Health+Benefits the June 2025 issue

Benchmarking Bariatric Surgery Costs for a Center of Excellence (COE) Program

Providing insights to employers through a data-driven approach.
By Cheryl Matochik Posted on May 28, 2025

The employer sought an independent total cost of care benchmark to ensure the vendor’s negotiated rates were competitive and transparent across different care settings.

Goals

  • Validate COE vendor pricing.
  • Benchmark rates against national and regional norms.
  • Enable strategic review of COE performance.

Scope of Work

  • Identify procedure trigger code and applicable CPT codes related to bariatric surgery.
  • Price procedures individually and aggregate them into bundled episode costs.
  • Stratify benchmarks by site of service (inpatient, outpatient, ambulatory surgical centers).

Methodology

1. Episode Trigger Codes. To define the bariatric surgery population, we analyzed claims provided by the COE vendor with a primary diagnosis of morbid obesity (E6601). Relevant CPT codes for bariatric procedures were extracted to build the core episode definition. Each CPT code was individually priced to create the overall “bundle” price, allowing flexibility for customization.

2. Site of Service Stratification. Recognizing that surgeries were performed in various settings, we developed separate bundled prices for:

  • Inpatient hospitals
  • Outpatient hospital departments
  • Ambulatory surgical centers (ASCs)

3. Bundle Construction Approach. Rather than using a prepackaged bundle, each CPT code was priced individually and summed to create the full episode cost. This method offers: X Transparency: Clients can see how each component contributes to total costs. X Flexibility: Clients can customize the bundle by adding or removing services based on case needs.

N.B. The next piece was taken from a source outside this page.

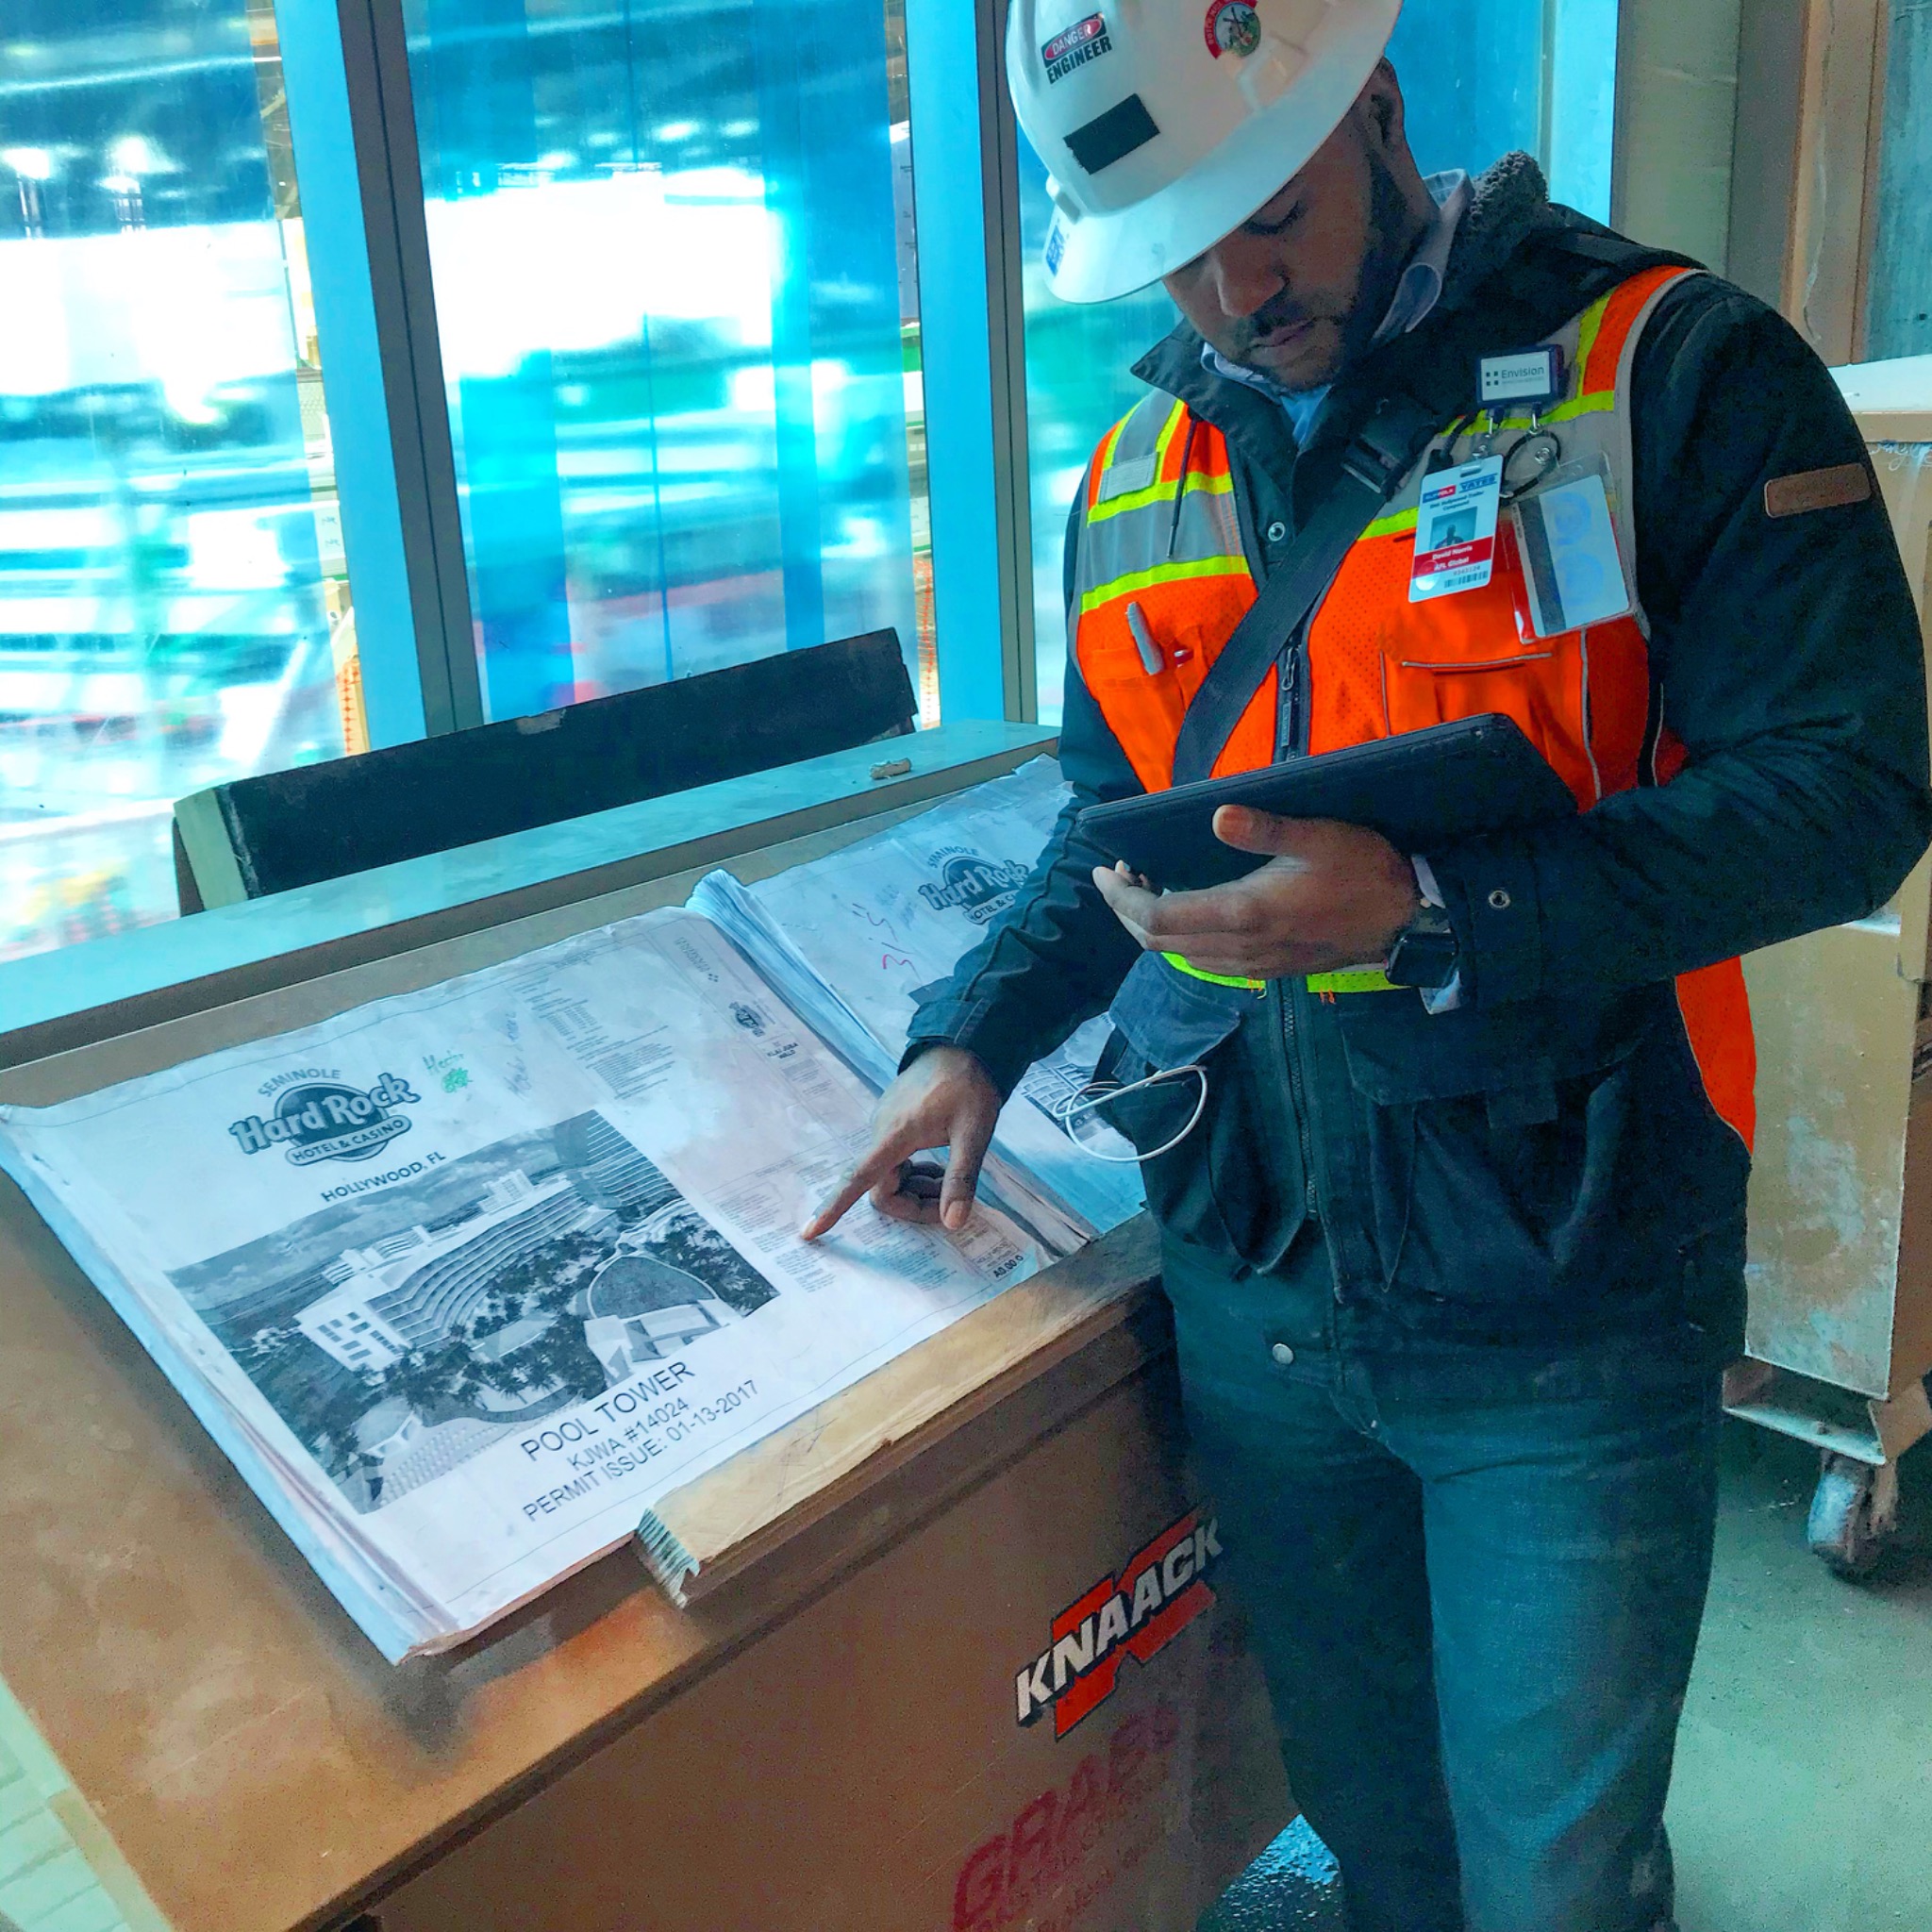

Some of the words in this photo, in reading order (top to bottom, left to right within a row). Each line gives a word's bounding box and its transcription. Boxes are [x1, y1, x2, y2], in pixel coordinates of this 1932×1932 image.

4. Pricing Sources. Benchmark pricing was sourced from publicly available national machine-readable file data, specifically for:

  • UnitedHealthcare
  • Aetna
  • Cigna
  • BlueCard network

Two sets of benchmarks were created:

  • National pricing averages
  • Tennessee-specific pricing, given the employer’s heavy population footprint in that state

Data Limitations and Recommendations

Vendor File Limitations. The COE vendor’s claims file lacked individual case identifiers, making it difficult to link related claims to episodes of care. Without these identifiers, it is challenging to: X Track which services belong to a specific patient’s surgery episode X Accurately validate the full bundle composition

Recommended Improvements. To enhance future benchmarking and validation efforts, we recommended the COE vendor:

  • Include a case ID or person ID to link claims at the episode level
  • Include billing NPIs to improve provider-level rate accuracy when matching to machine-readable file data

Conclusion

Through a data-driven and flexible benchmarking approach, the employer will gain critical insight into its COE vendor’s pricing structure to validate whether the negotiated rates are truly competitive, identify opportunities for cost optimization, and strengthen accountability for COE program performance.